**Work task:**
Write out the listing below without alteration, omitting its pictures.

**Source information:**
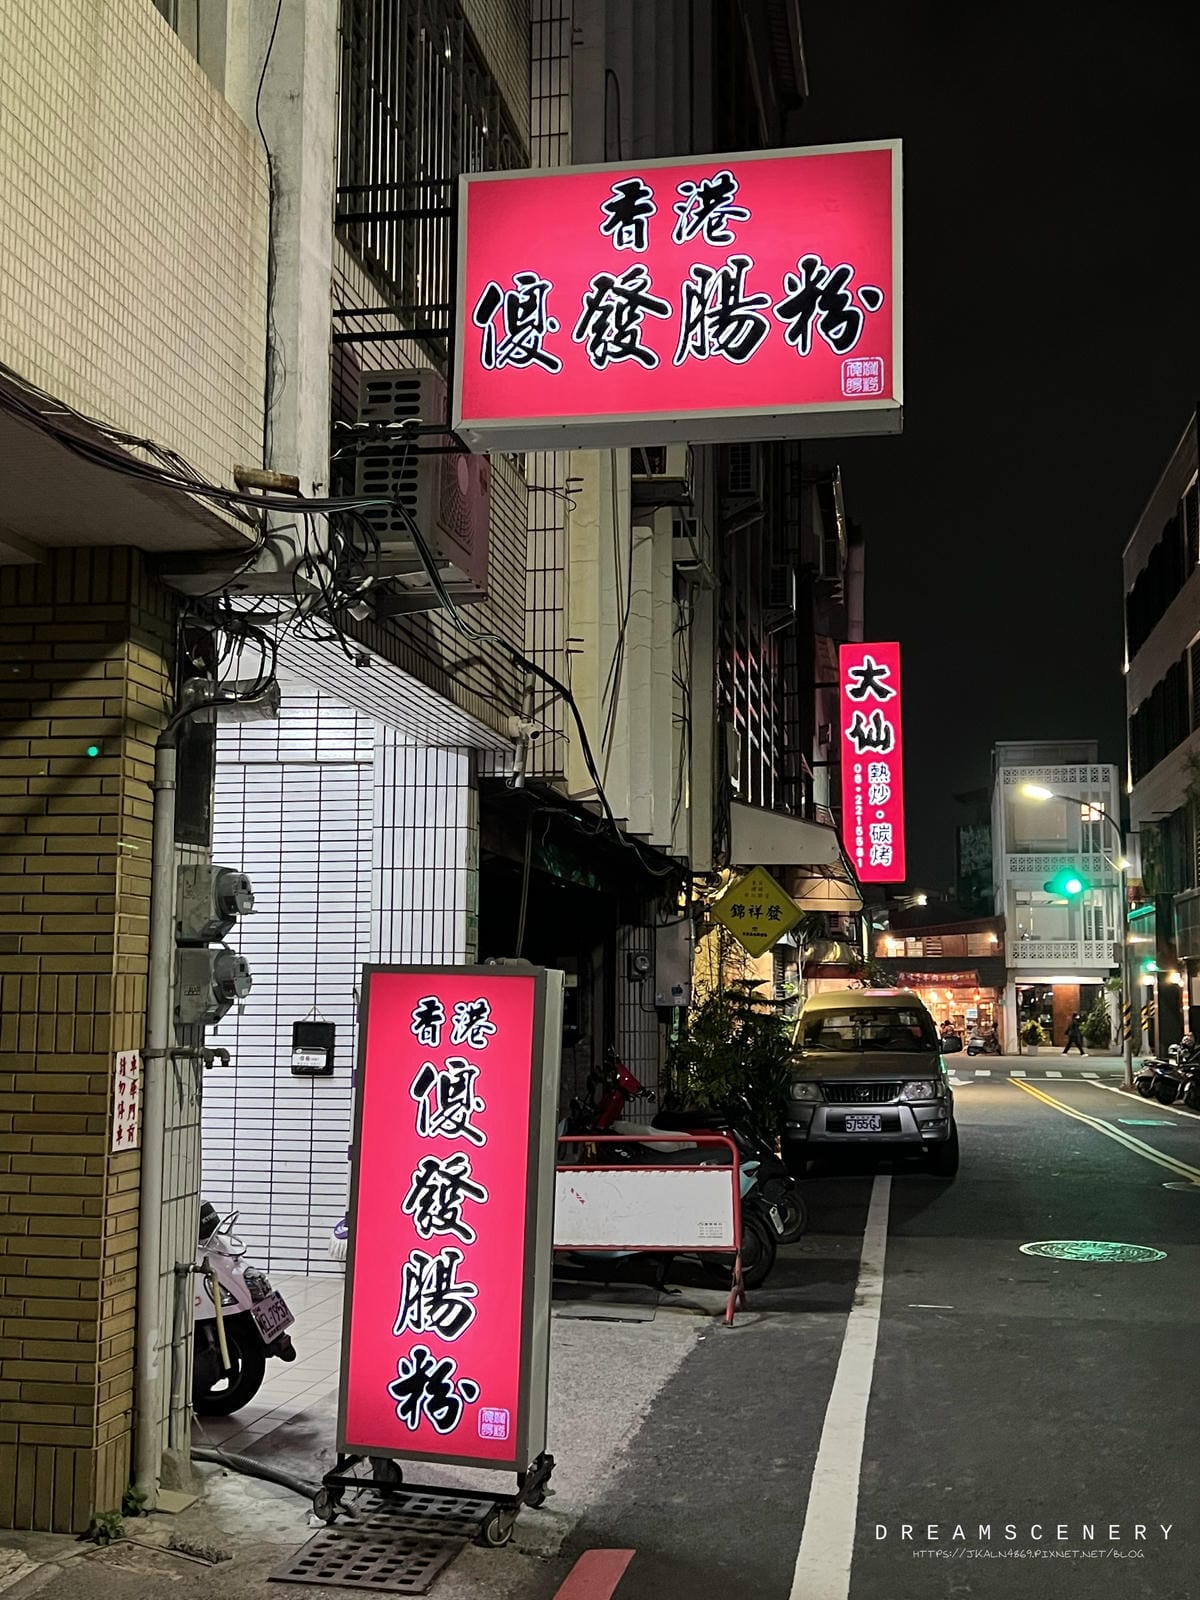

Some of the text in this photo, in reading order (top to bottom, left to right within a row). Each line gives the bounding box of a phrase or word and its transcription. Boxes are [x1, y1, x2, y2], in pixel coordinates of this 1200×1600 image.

[599, 169, 752, 253] 香港
[472, 252, 885, 374] 優發腸粉
[845, 654, 897, 754] 大仙
[730, 903, 783, 921] 錦祥發
[409, 994, 498, 1050] 香港
[116, 1056, 126, 1146] 請勿停車
[386, 1055, 490, 1435] 優發腸粉
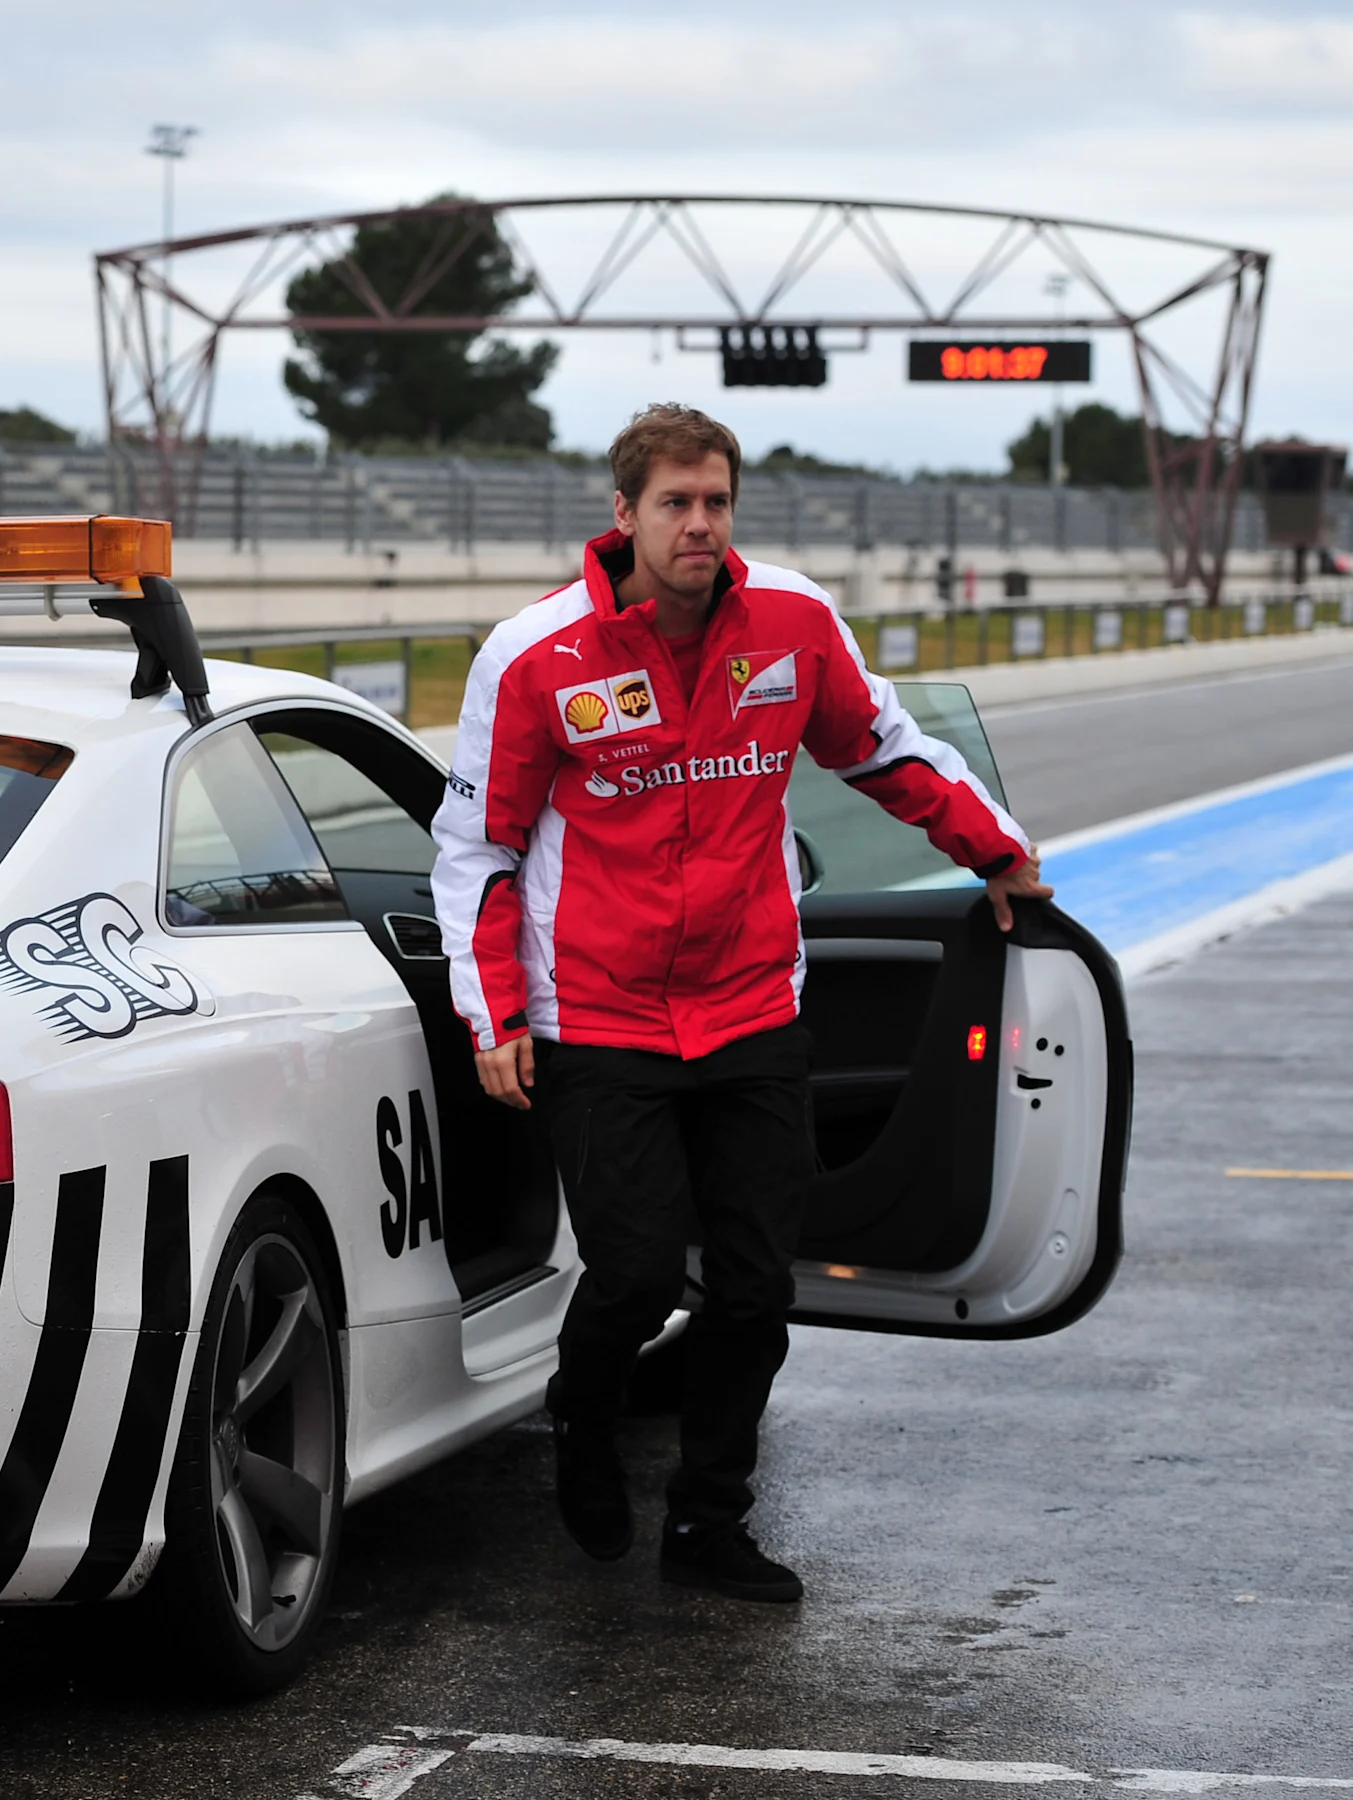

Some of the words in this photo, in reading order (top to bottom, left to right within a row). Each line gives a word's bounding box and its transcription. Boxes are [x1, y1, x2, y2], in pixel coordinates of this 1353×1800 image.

[618, 690, 650, 715] ups
[612, 743, 650, 758] VETTEL
[621, 740, 789, 796] Santander

**Expected output:**
Some of the text in this photo, in reading order (top to bottom, left to right within a row). Each line gives the bounding box of a phrase or word and its transcription. Boxes are [x1, y1, x2, y2], in pixel coordinates of this 1200×1600 image.

[599, 169, 752, 253] 香港
[472, 252, 885, 374] 優發腸粉
[845, 654, 897, 754] 大仙
[730, 903, 783, 921] 錦祥發
[409, 994, 498, 1050] 香港
[116, 1056, 126, 1146] 請勿停車
[386, 1055, 490, 1435] 優發腸粉

Some of the words in this photo, in reading order (top to bottom, left to right within a row). Each line gives a word's bounding box and its transcription. Boxes are [x1, y1, x2, y2], in pixel coordinates of this 1353×1800 image.

[618, 690, 650, 715] ups
[612, 743, 650, 758] VETTEL
[621, 740, 789, 796] Santander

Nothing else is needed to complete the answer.